Well, last night I was pretty distraught. I hope no one thinks I was being a drama queen. I was really fraying at the edges. This move is taking a major toll on me. But I'm not as nuts tonight as I was last night. So, tonight, I'm going to babble about some things that are important to me and are helping me through this process.
First, musically, it's been all about The Cure. Old Cure, new Cure, in-between Cure. Everything from despair to psychosis to giddiness to humor. I have loved them since Disintegration, which was already well into Robert Smith's career. But it's been 22 years, so I guess I can say I'm a real fan. I have every full length they ever released. I saw them in Nassau Coliseum on the Wish tour and it was one of the best shows I've ever seen in an arena. I generally prefer the more intimate settings of a club and, generally, the bands I listen to only play clubs because hardly anyone has ever heard of them. But Robert Smith and co. lit up that arena that night. It was magical. There is a lot of pain in many of the songs but listening to it can be so cathartic. No one has musical depression down like The Cure.

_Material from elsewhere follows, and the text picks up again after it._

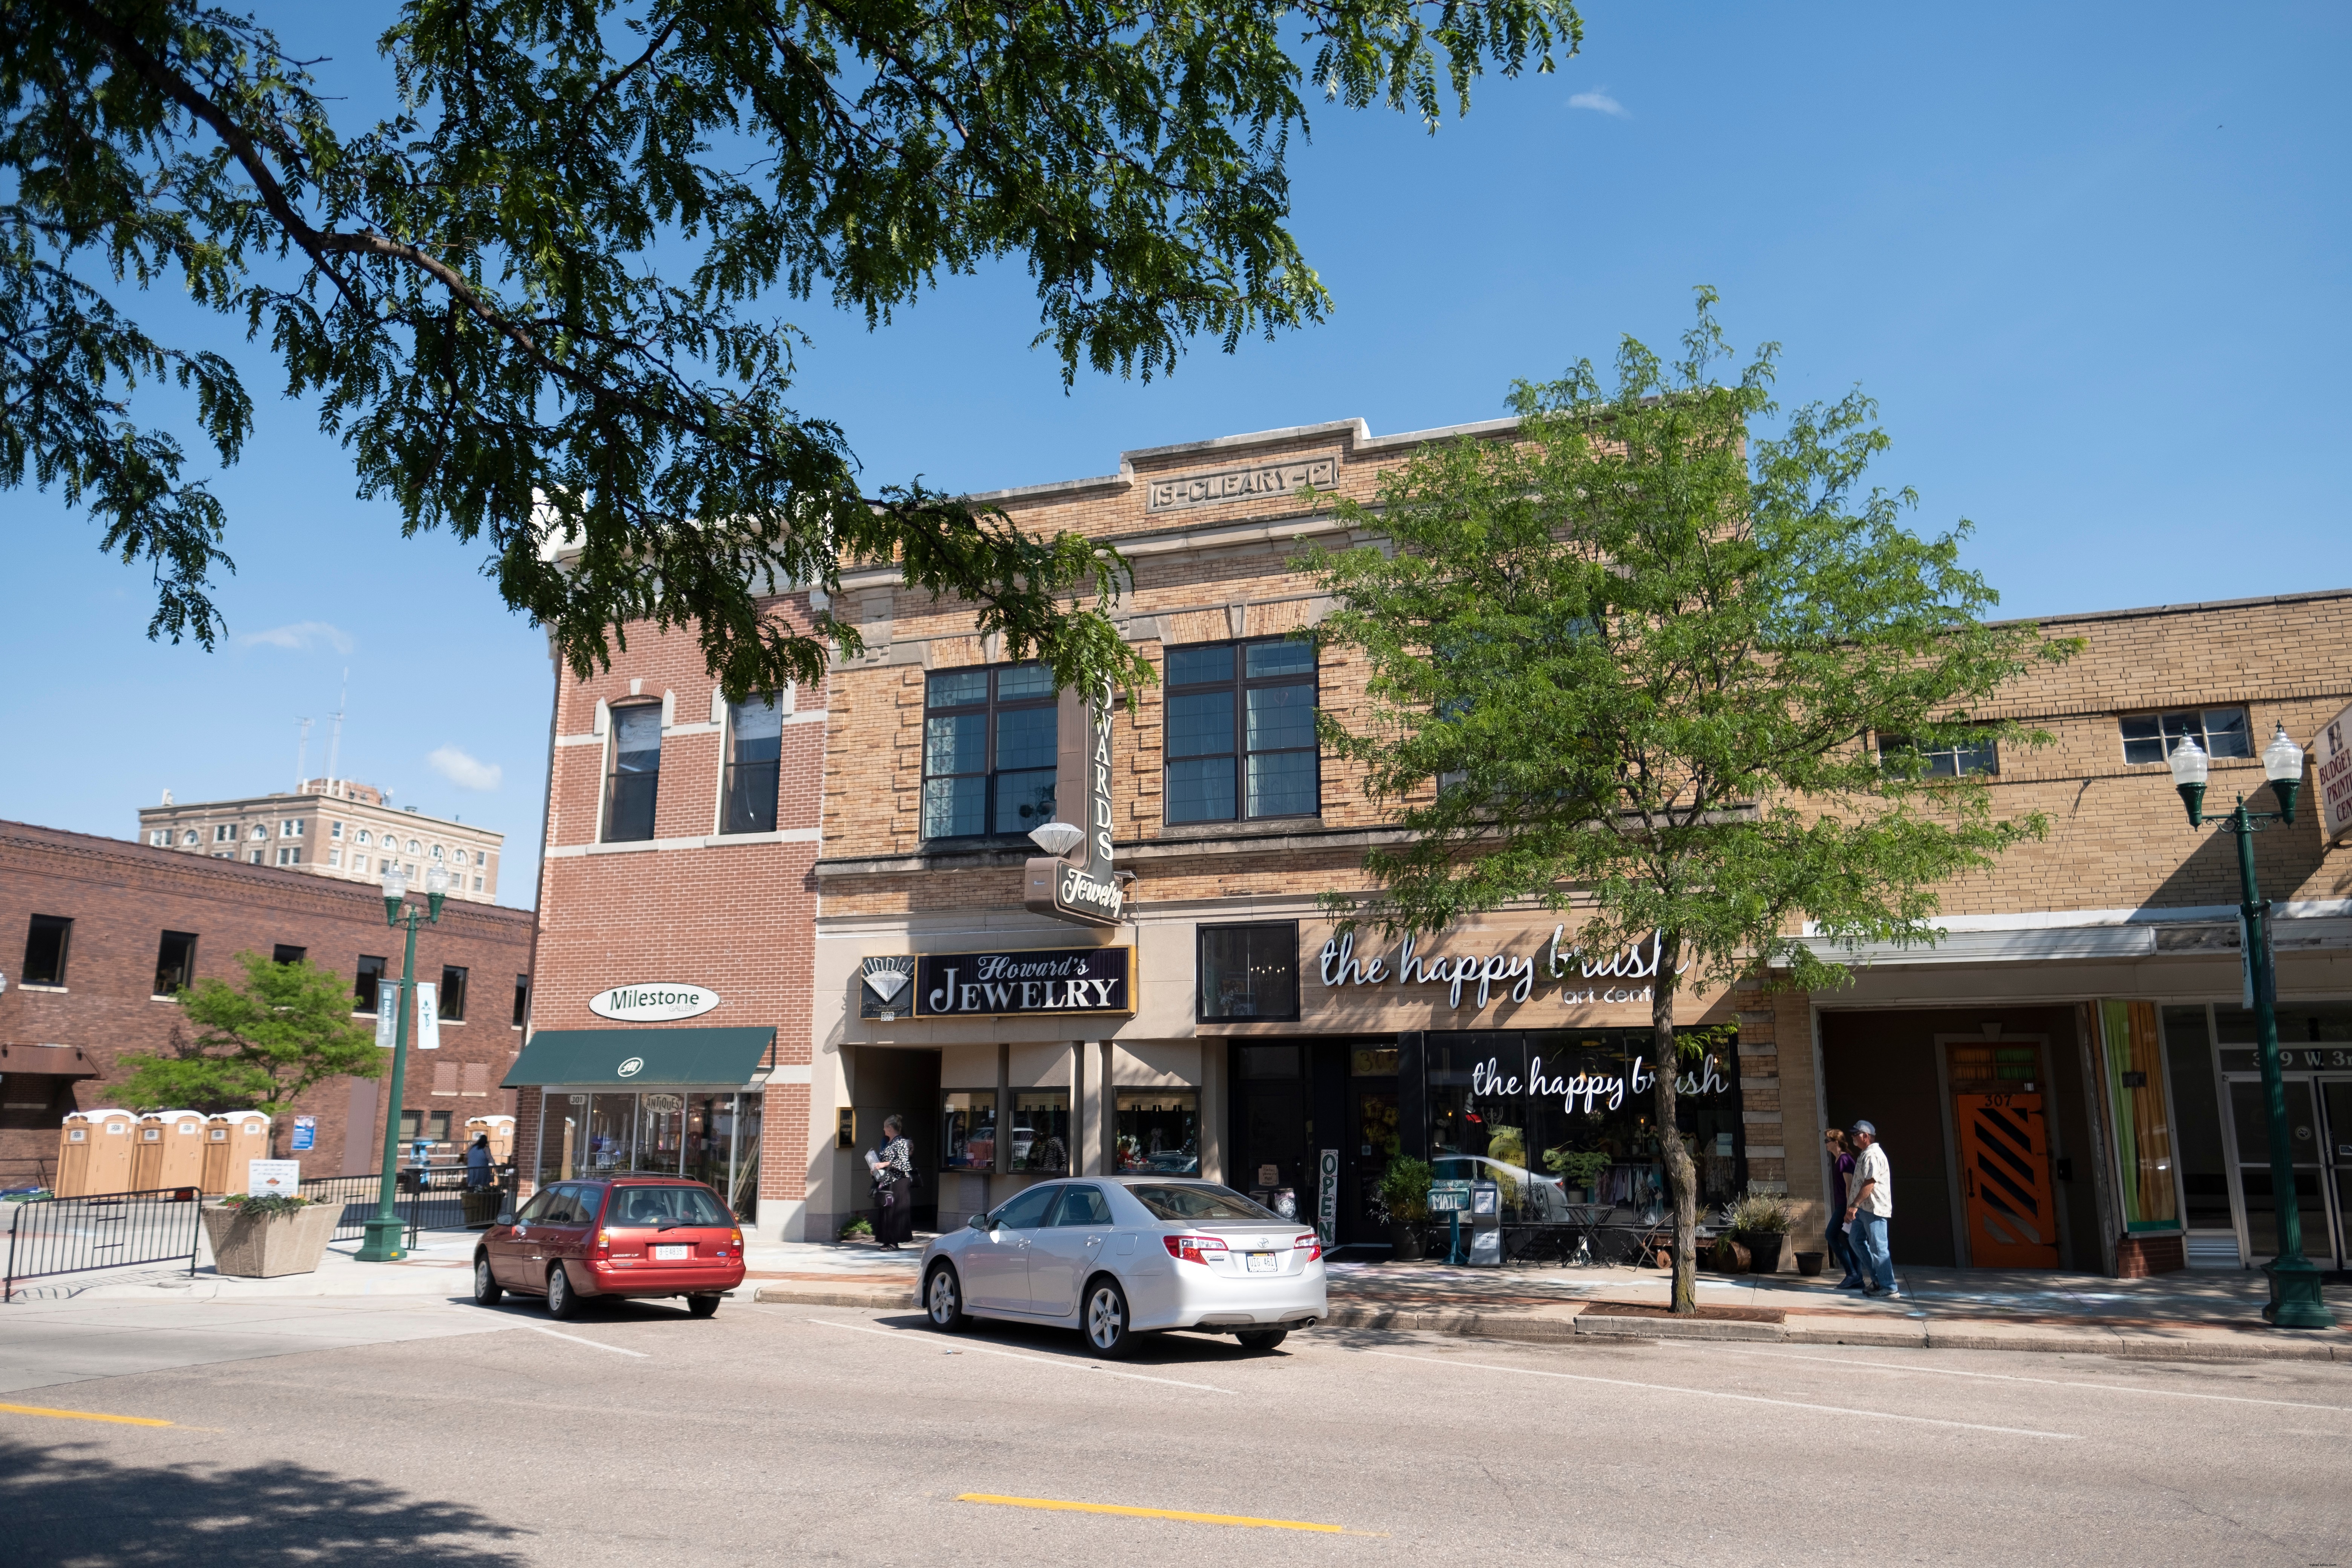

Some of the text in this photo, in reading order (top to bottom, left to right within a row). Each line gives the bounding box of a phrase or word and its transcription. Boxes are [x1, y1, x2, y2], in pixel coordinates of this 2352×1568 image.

I've also gotten inspired to read poetry and stuff about poets again. Anne Sexton, Sylvia Plath, John Berryman, Robert Lowell, Georg Trakl, and, more recent poets, Louise Glück, Galway Kinnell. All geniuses. Of them all, my favorites are Sexton, Berryman and Glück. Anne Sexton wrote to tear your guts out. She usually succeeded. Very raw. The words are filled with the sense of agony and losing one's grip becoming an imminent threat. Berryman is less easy to understand. He wrote very obscure but emotionally powerful poems. He's probably one of the poets to blame for the fact that most modern people think poetry is completely inscrutable. But I love him. The puzzle, the reward of figuring out a line or two, the sheer ecstasy and anguish he went through in the writing. Brilliant. So, two insanely genius poets who took their own lives. Louise Glück is still among the living. I love her work just as much as the others. She's my favorite living poet. She has a more delicate style while still writing about powerfully emotional subjects. She also likes to use simple words to convey deep thoughts, something a lot of poets think is beneath them. I tend to find many possible meanings in her works. Her books tend to follow a theme. She has built a body of work that is highly esteemed by critics and regular readers of poetry alike.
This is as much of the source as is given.